* **YOUR TASK**
A faithful copy is required: transcribe each line below exactly, minus the pictures.

* **Spatial localization data**
^^^^^^^^
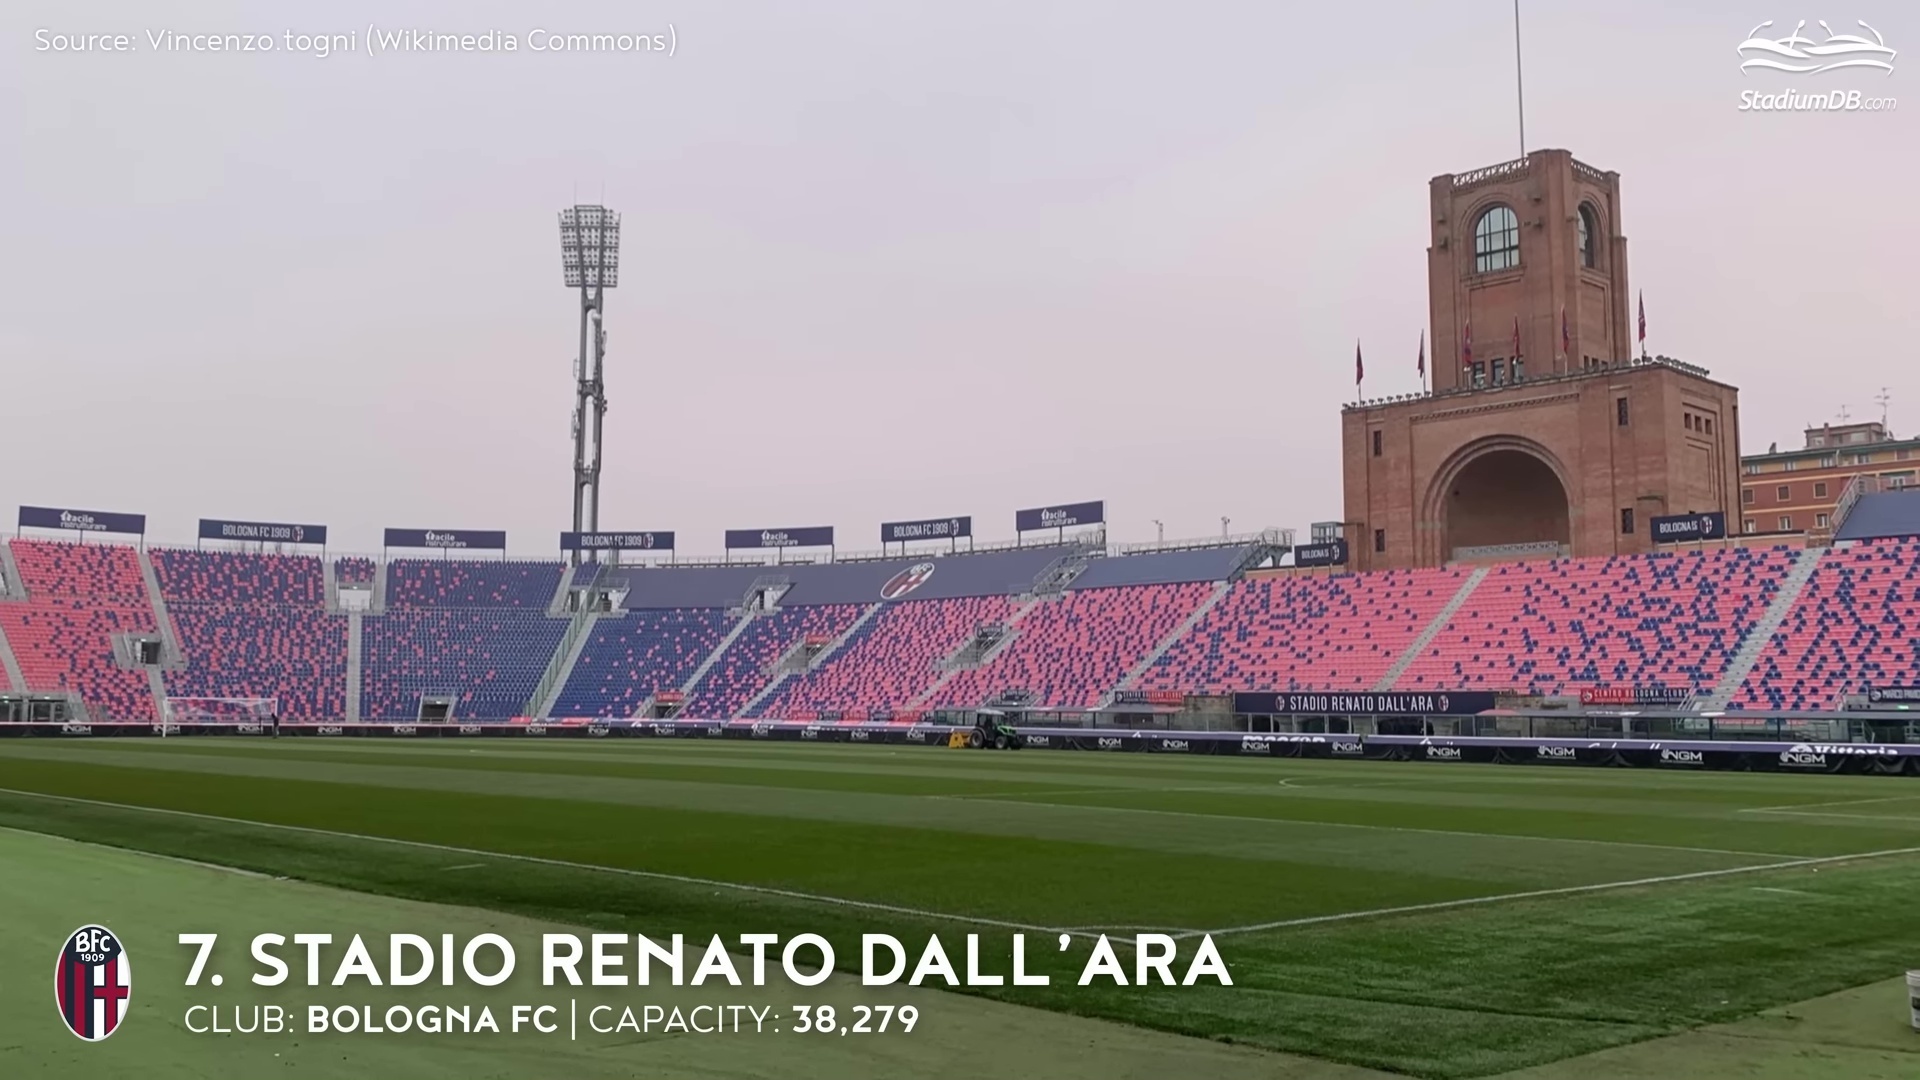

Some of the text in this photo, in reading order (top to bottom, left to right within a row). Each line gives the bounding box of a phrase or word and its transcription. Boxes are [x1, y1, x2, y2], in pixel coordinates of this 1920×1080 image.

[222, 524, 291, 538] BOLOGNA FC 1909
[893, 522, 949, 537] BOLOGNA FC 1909
[1660, 521, 1692, 533] BOLOGNA
[581, 535, 642, 546] BOLOGNA FC 1909
[1625, 688, 1659, 698] BOLOGNA
[1290, 695, 1434, 712] STADIO RENATO DALL'ARA
[1165, 740, 1188, 748] NGM
[1245, 742, 1269, 750] NGM
[1337, 743, 1363, 751] NGM
[1431, 747, 1460, 756] NGM
[1543, 747, 1575, 757] NGM
[1667, 751, 1702, 761] NGM
[1787, 753, 1826, 764] NGM
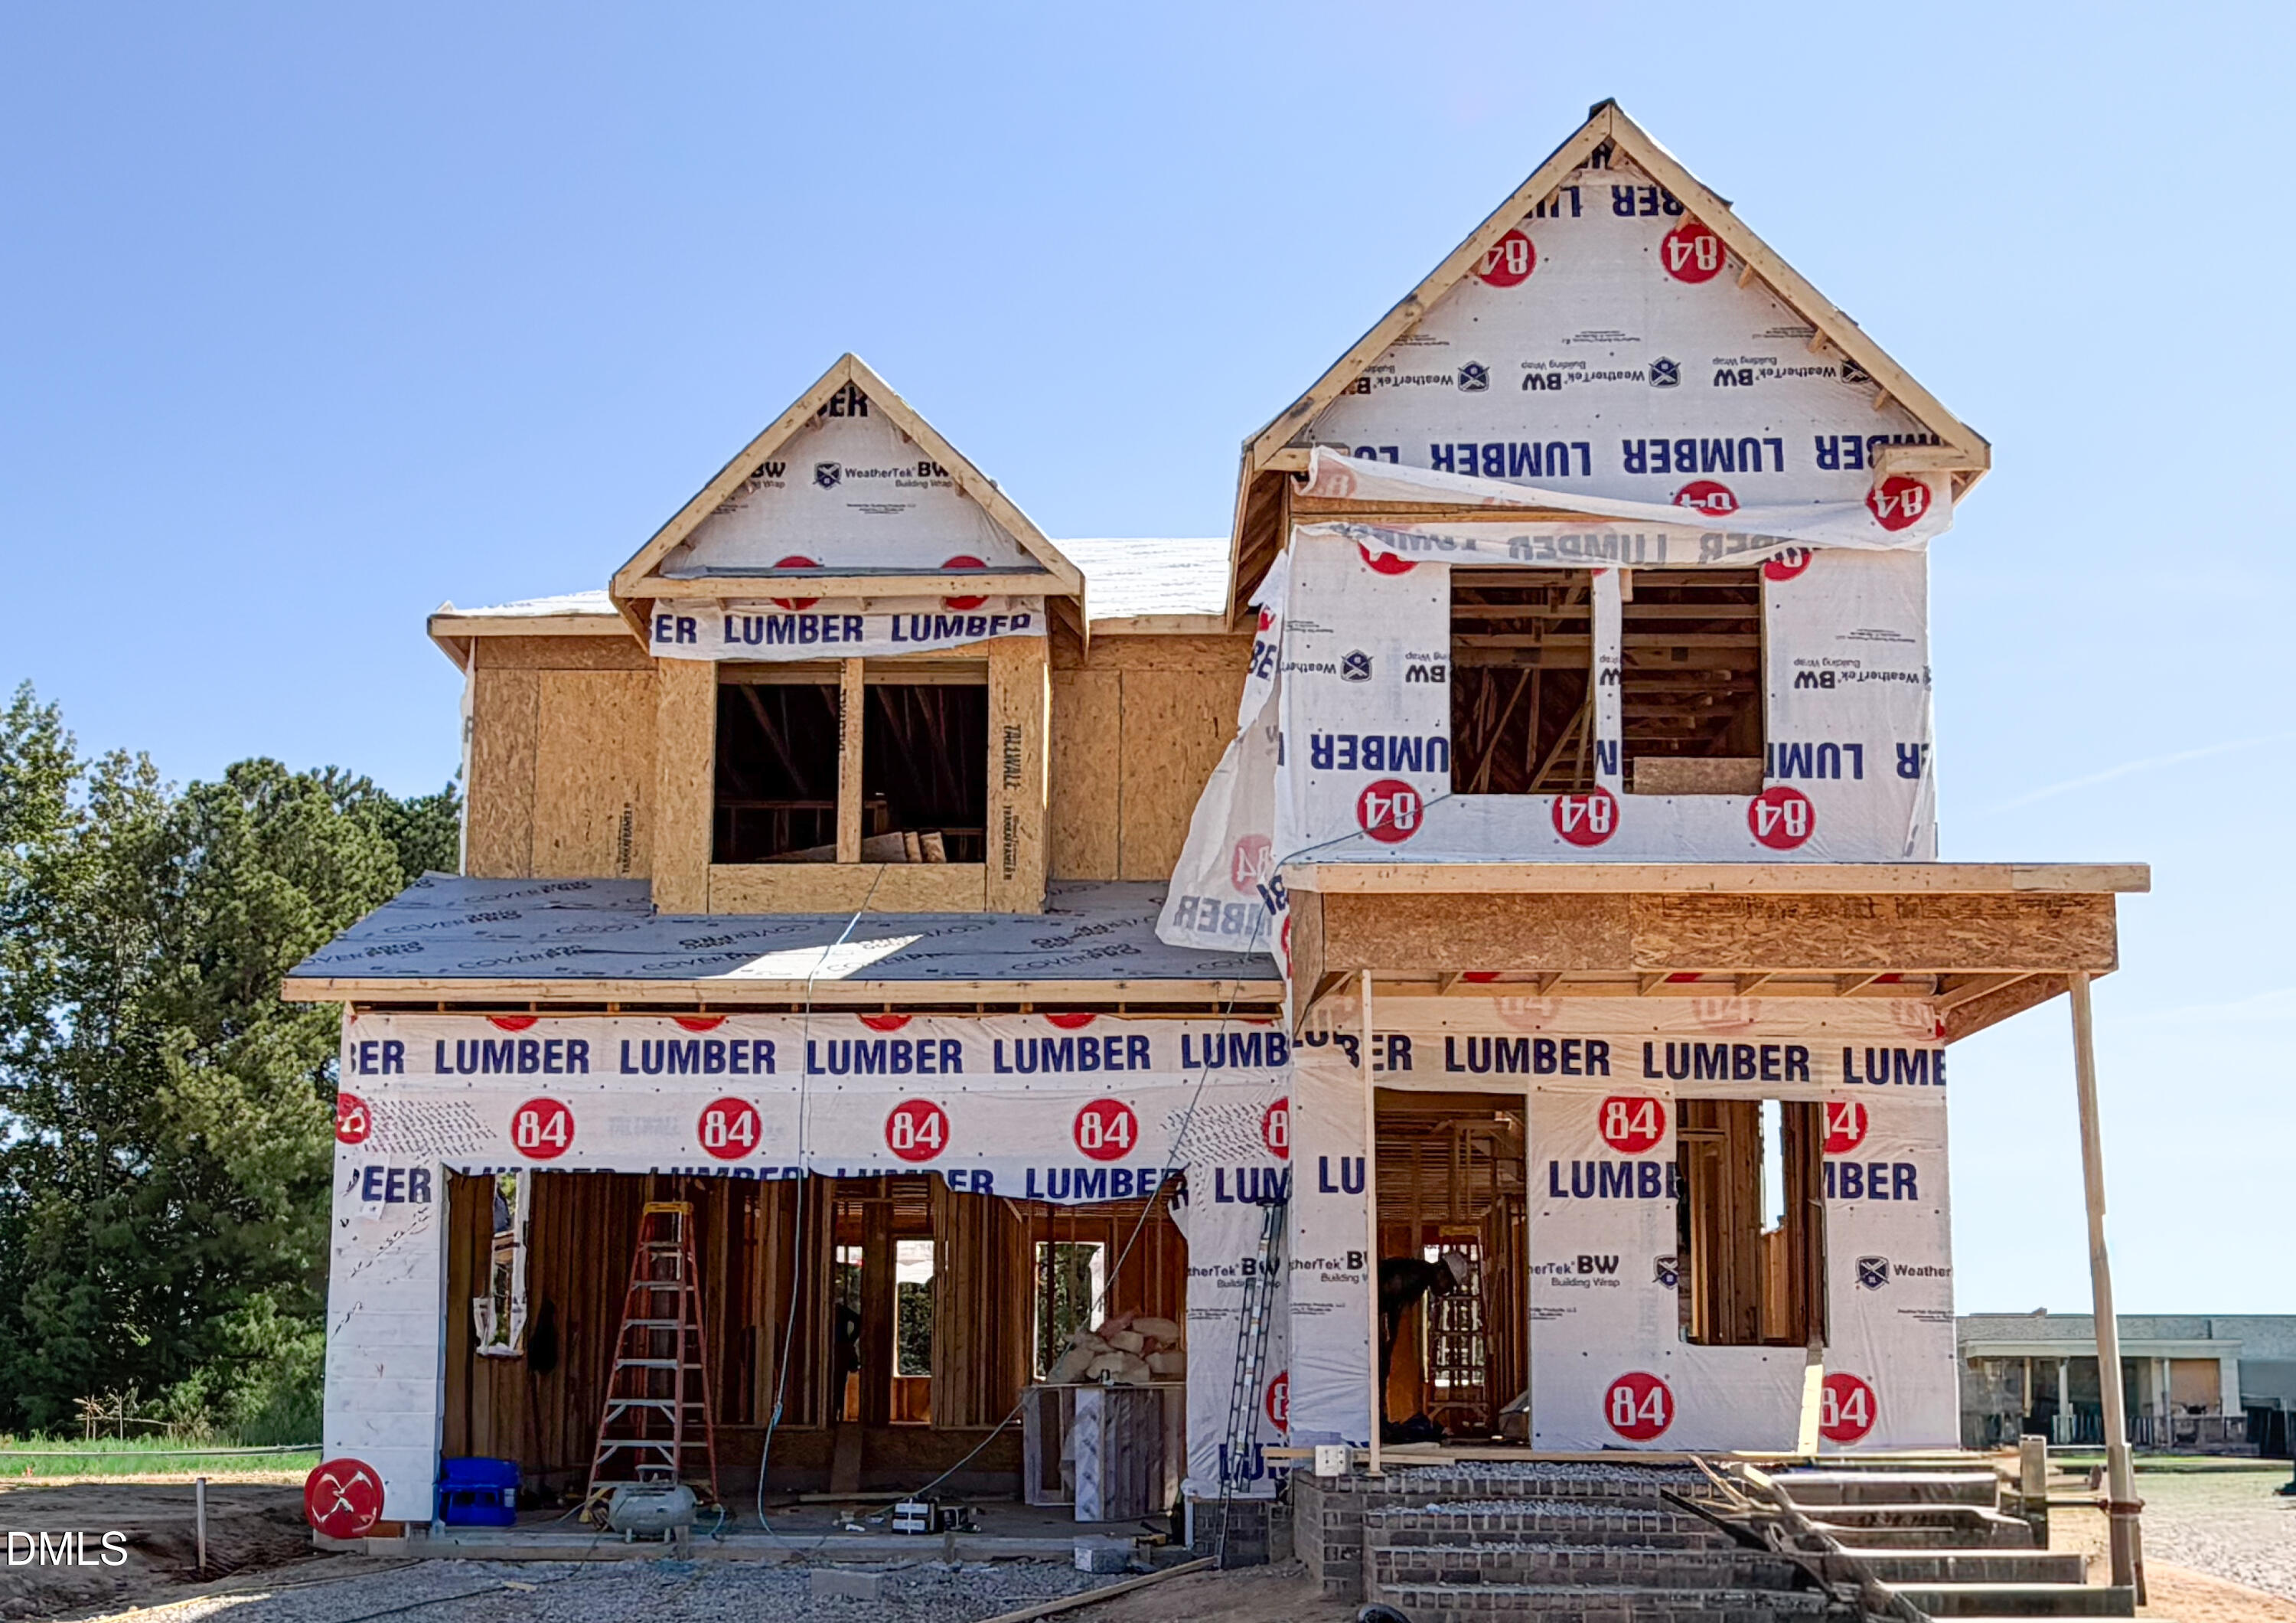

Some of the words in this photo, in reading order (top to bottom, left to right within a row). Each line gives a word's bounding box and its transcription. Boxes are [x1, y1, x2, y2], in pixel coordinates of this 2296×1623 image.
^^^^^^^^
* **ANSWER**
Some of the text in this photo, in reading order (top to bottom, left to right within a row). Each line gives the bounding box of a phrase or word and its transcription. Boxes are [x1, y1, x2, y2], in pixel coordinates of this 1920×1080 image.

[222, 524, 291, 538] BOLOGNA FC 1909
[893, 522, 949, 537] BOLOGNA FC 1909
[1660, 521, 1692, 533] BOLOGNA
[581, 535, 642, 546] BOLOGNA FC 1909
[1625, 688, 1659, 698] BOLOGNA
[1290, 695, 1434, 712] STADIO RENATO DALL'ARA
[1165, 740, 1188, 748] NGM
[1245, 742, 1269, 750] NGM
[1337, 743, 1363, 751] NGM
[1431, 747, 1460, 756] NGM
[1543, 747, 1575, 757] NGM
[1667, 751, 1702, 761] NGM
[1787, 753, 1826, 764] NGM

Some of the words in this photo, in reading order (top to bottom, left to right within a row). Each line gives a word's bounding box and its transcription. Boxes are [x1, y1, x2, y2], in pixel coordinates of this 2296×1623 image.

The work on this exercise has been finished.